┌─ Extracted records
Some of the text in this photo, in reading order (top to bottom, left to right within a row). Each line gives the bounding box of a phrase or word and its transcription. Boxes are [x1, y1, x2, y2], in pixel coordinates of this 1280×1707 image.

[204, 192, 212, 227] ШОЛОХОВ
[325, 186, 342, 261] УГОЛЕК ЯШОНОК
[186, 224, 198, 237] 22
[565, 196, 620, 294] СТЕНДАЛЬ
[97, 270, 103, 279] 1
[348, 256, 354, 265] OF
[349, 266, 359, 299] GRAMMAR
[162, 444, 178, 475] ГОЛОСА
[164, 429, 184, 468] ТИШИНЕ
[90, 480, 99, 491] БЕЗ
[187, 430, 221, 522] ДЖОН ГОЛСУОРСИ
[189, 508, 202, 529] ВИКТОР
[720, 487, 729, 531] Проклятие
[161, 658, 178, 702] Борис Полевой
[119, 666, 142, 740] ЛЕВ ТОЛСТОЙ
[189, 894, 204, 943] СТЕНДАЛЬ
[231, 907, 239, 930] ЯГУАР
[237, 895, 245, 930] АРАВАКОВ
└─
The task: Reproduce all the records. Keep them exact, please.

Written reply:
Some of the text in this photo, in reading order (top to bottom, left to right within a row). Each line gives the bounding box of a phrase or word and its transcription. Boxes are [x1, y1, x2, y2], in pixel coordinates of this 1280×1707 image.

[204, 192, 212, 227] ШОЛОХОВ
[325, 186, 342, 261] УГОЛЕК ЯШОНОК
[186, 224, 198, 237] 22
[565, 196, 620, 294] СТЕНДАЛЬ
[97, 270, 103, 279] 1
[348, 256, 354, 265] OF
[349, 266, 359, 299] GRAMMAR
[162, 444, 178, 475] ГОЛОСА
[164, 429, 184, 468] ТИШИНЕ
[90, 480, 99, 491] БЕЗ
[187, 430, 221, 522] ДЖОН ГОЛСУОРСИ
[189, 508, 202, 529] ВИКТОР
[720, 487, 729, 531] Проклятие
[161, 658, 178, 702] Борис Полевой
[119, 666, 142, 740] ЛЕВ ТОЛСТОЙ
[189, 894, 204, 943] СТЕНДАЛЬ
[231, 907, 239, 930] ЯГУАР
[237, 895, 245, 930] АРАВАКОВ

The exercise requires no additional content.